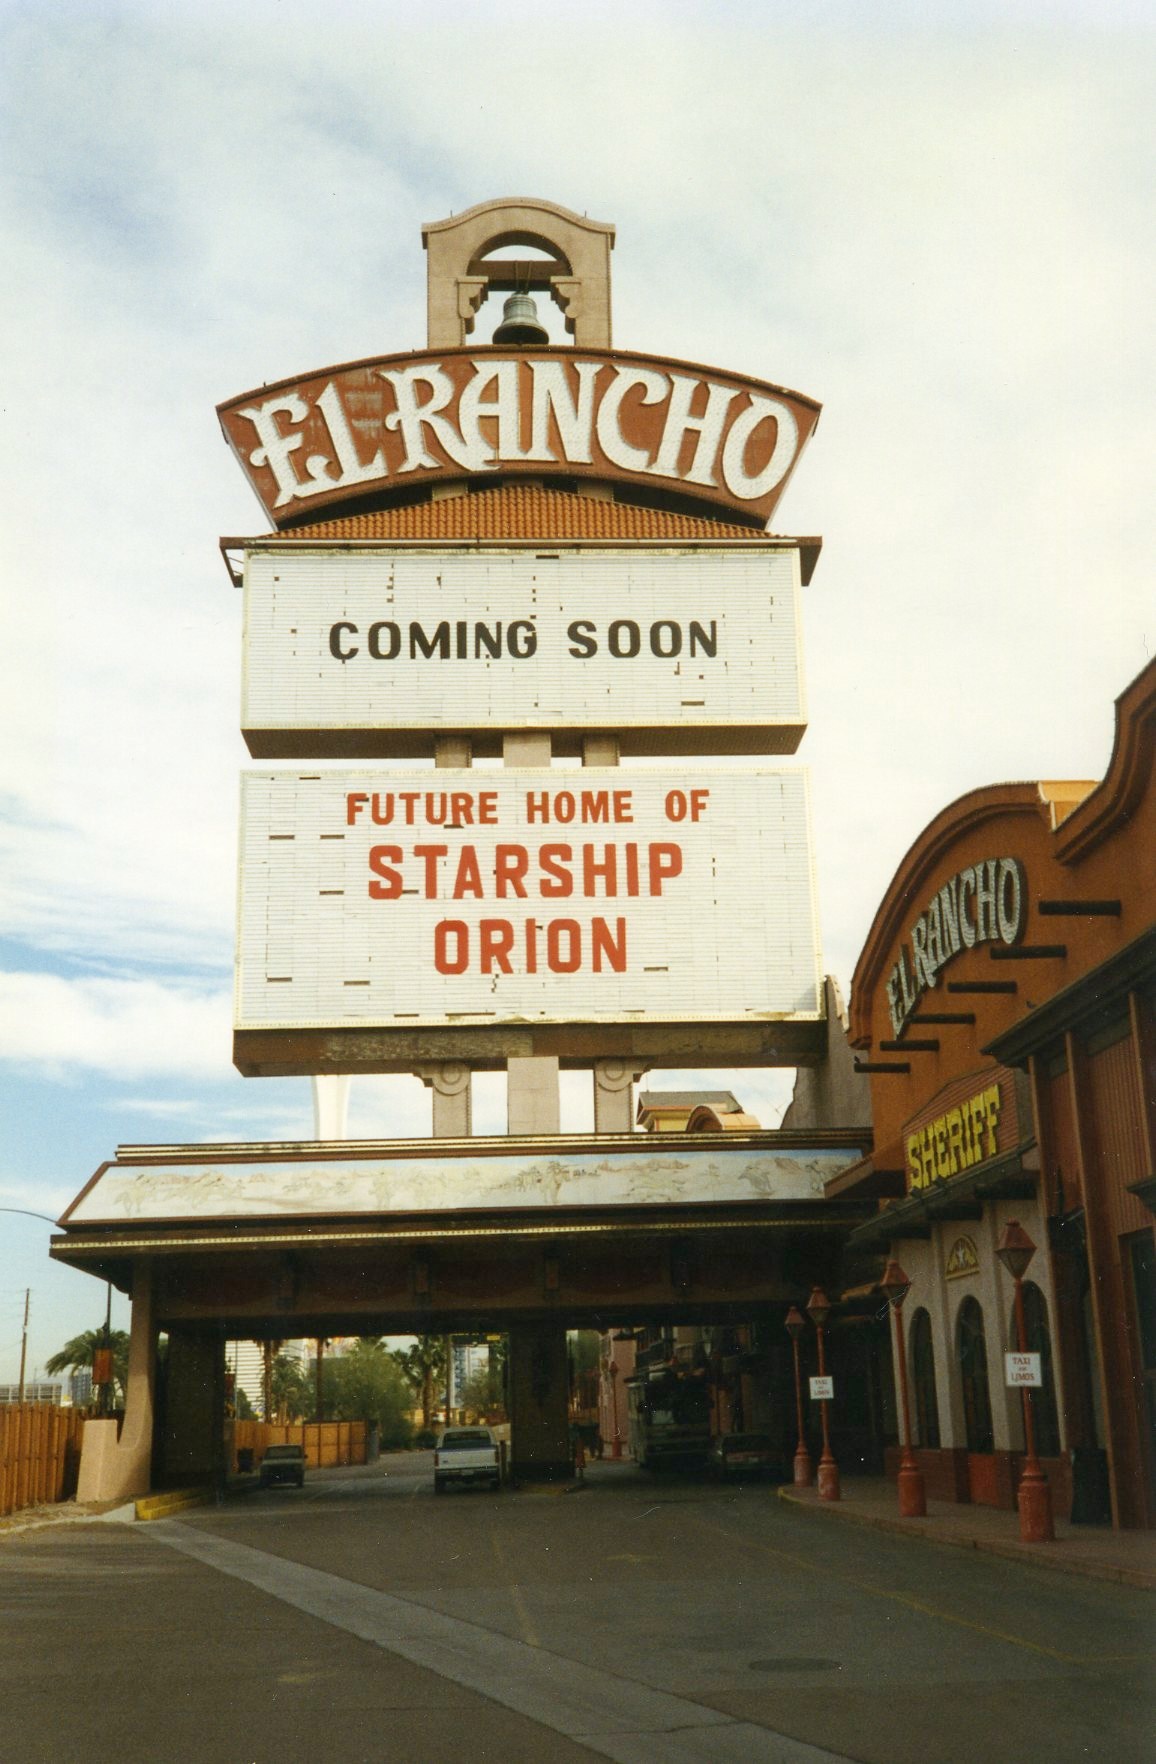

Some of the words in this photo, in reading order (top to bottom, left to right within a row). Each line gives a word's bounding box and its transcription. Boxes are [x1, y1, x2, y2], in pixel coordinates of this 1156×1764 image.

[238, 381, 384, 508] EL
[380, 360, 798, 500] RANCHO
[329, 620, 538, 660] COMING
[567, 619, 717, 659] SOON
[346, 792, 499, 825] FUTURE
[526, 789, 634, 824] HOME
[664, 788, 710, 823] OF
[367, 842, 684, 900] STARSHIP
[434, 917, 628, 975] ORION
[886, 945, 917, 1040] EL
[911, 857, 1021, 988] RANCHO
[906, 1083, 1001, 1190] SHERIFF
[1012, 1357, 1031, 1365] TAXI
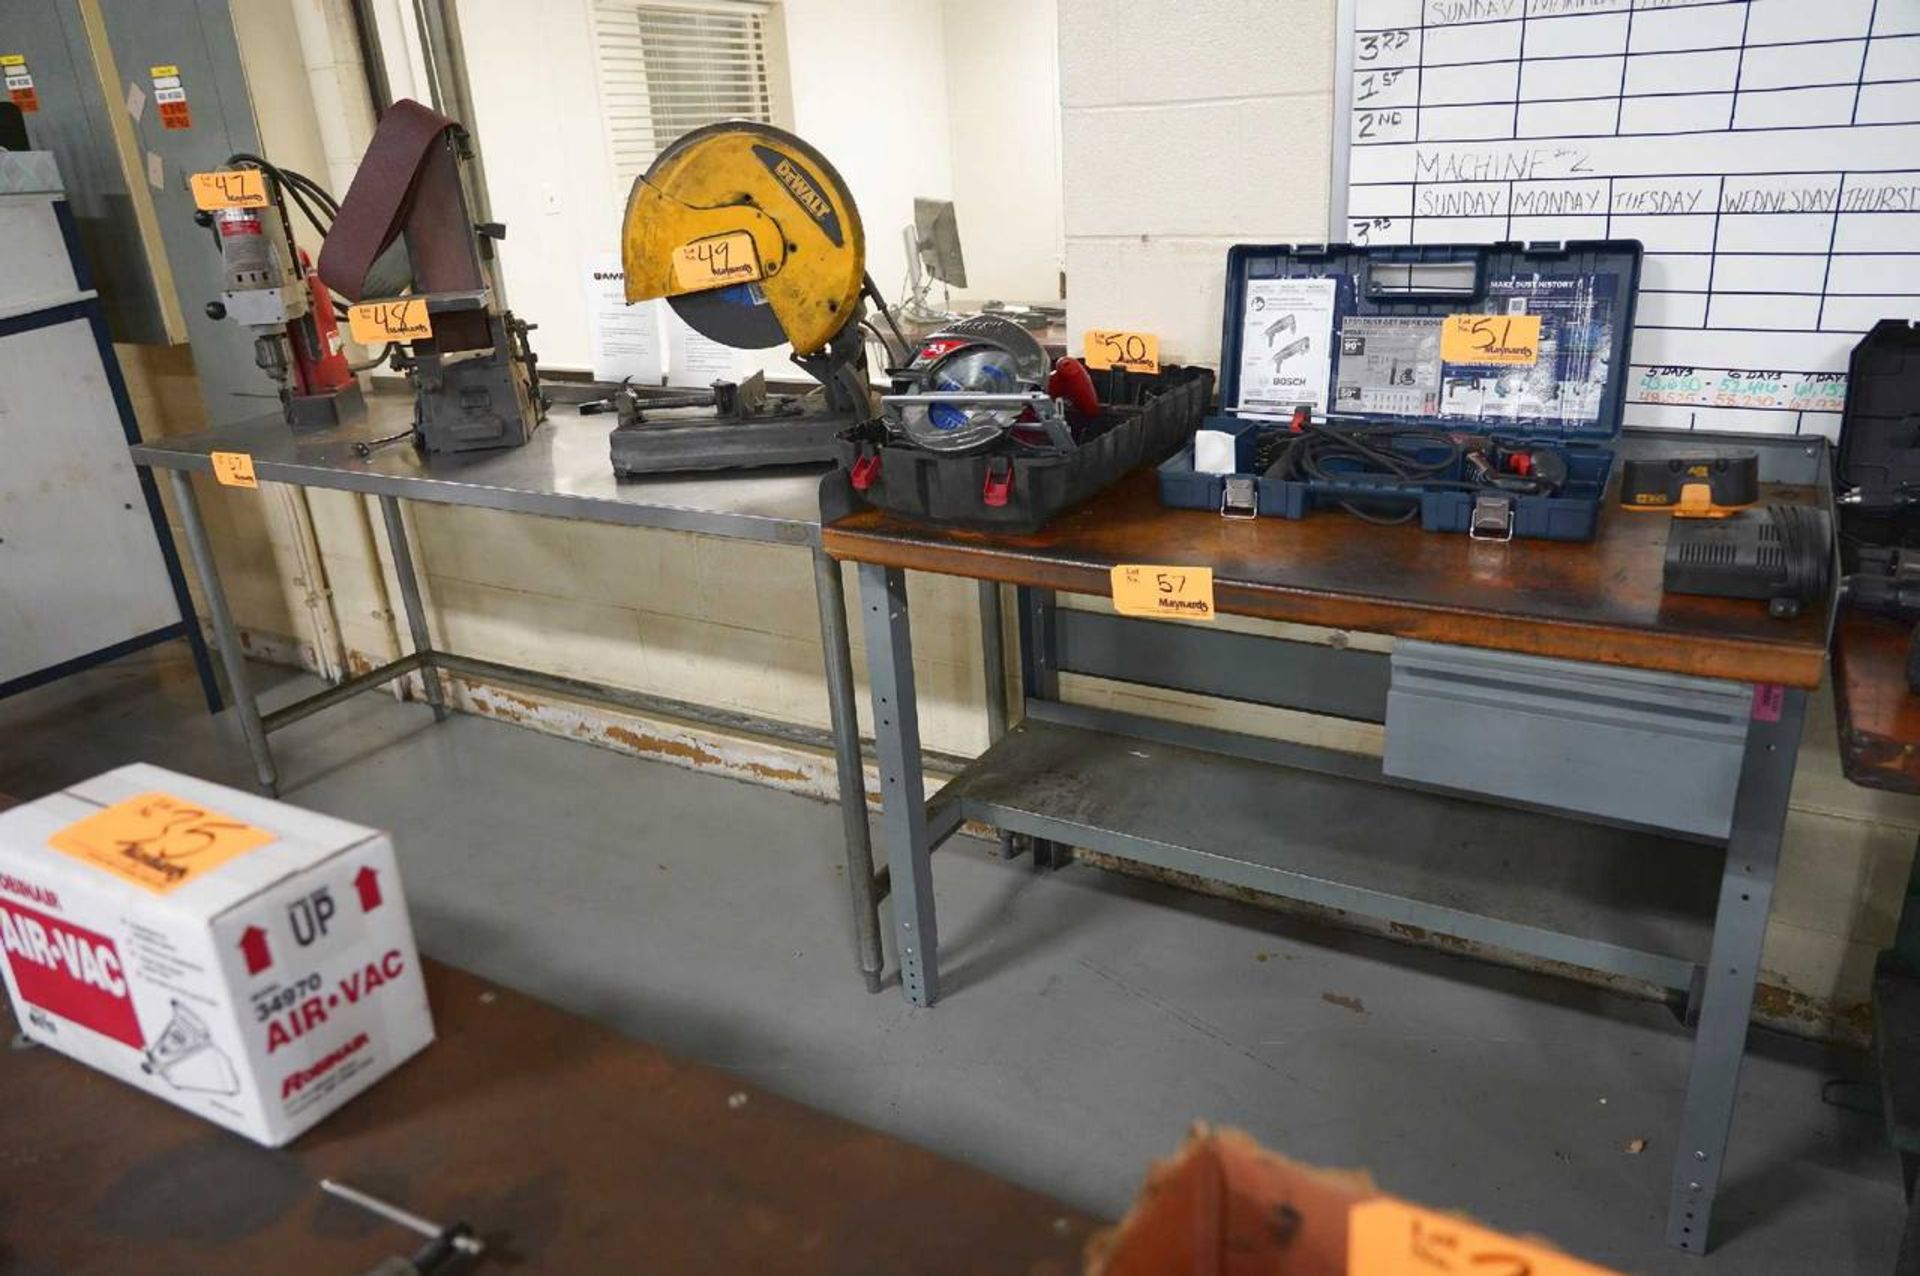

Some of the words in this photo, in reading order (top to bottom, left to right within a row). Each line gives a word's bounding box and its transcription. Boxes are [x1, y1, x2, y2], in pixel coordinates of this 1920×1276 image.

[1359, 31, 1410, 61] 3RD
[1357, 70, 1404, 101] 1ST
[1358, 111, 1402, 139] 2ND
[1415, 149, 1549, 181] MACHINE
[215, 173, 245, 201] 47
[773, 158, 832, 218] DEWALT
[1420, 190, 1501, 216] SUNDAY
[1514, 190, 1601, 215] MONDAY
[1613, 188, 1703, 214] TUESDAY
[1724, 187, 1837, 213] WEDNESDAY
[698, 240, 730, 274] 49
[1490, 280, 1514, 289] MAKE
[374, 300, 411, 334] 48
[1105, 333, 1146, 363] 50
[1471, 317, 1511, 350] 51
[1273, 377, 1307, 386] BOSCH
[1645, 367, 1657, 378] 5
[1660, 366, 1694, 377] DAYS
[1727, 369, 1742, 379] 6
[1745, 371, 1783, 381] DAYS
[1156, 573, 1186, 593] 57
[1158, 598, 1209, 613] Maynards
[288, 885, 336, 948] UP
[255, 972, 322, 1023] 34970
---
REQUIRED WORK: Repeat each record exactly, with the pictures left out.

RESULT OF THIS TASK:
Some of the words in this photo, in reading order (top to bottom, left to right within a row). Each line gives a word's bounding box and its transcription. Boxes are [x1, y1, x2, y2], in pixel coordinates of this 1156×1764 image.

[238, 381, 384, 508] EL
[380, 360, 798, 500] RANCHO
[329, 620, 538, 660] COMING
[567, 619, 717, 659] SOON
[346, 792, 499, 825] FUTURE
[526, 789, 634, 824] HOME
[664, 788, 710, 823] OF
[367, 842, 684, 900] STARSHIP
[434, 917, 628, 975] ORION
[886, 945, 917, 1040] EL
[911, 857, 1021, 988] RANCHO
[906, 1083, 1001, 1190] SHERIFF
[1012, 1357, 1031, 1365] TAXI

Some of the words in this photo, in reading order (top to bottom, left to right within a row). Each line gives a word's bounding box and its transcription. Boxes are [x1, y1, x2, y2], in pixel coordinates of this 1920×1276 image.

[1359, 31, 1410, 61] 3RD
[1357, 70, 1404, 101] 1ST
[1358, 111, 1402, 139] 2ND
[1415, 149, 1549, 181] MACHINE
[215, 173, 245, 201] 47
[773, 158, 832, 218] DEWALT
[1420, 190, 1501, 216] SUNDAY
[1514, 190, 1601, 215] MONDAY
[1613, 188, 1703, 214] TUESDAY
[1724, 187, 1837, 213] WEDNESDAY
[698, 240, 730, 274] 49
[1490, 280, 1514, 289] MAKE
[374, 300, 411, 334] 48
[1105, 333, 1146, 363] 50
[1471, 317, 1511, 350] 51
[1273, 377, 1307, 386] BOSCH
[1645, 367, 1657, 378] 5
[1660, 366, 1694, 377] DAYS
[1727, 369, 1742, 379] 6
[1745, 371, 1783, 381] DAYS
[1156, 573, 1186, 593] 57
[1158, 598, 1209, 613] Maynards
[288, 885, 336, 948] UP
[255, 972, 322, 1023] 34970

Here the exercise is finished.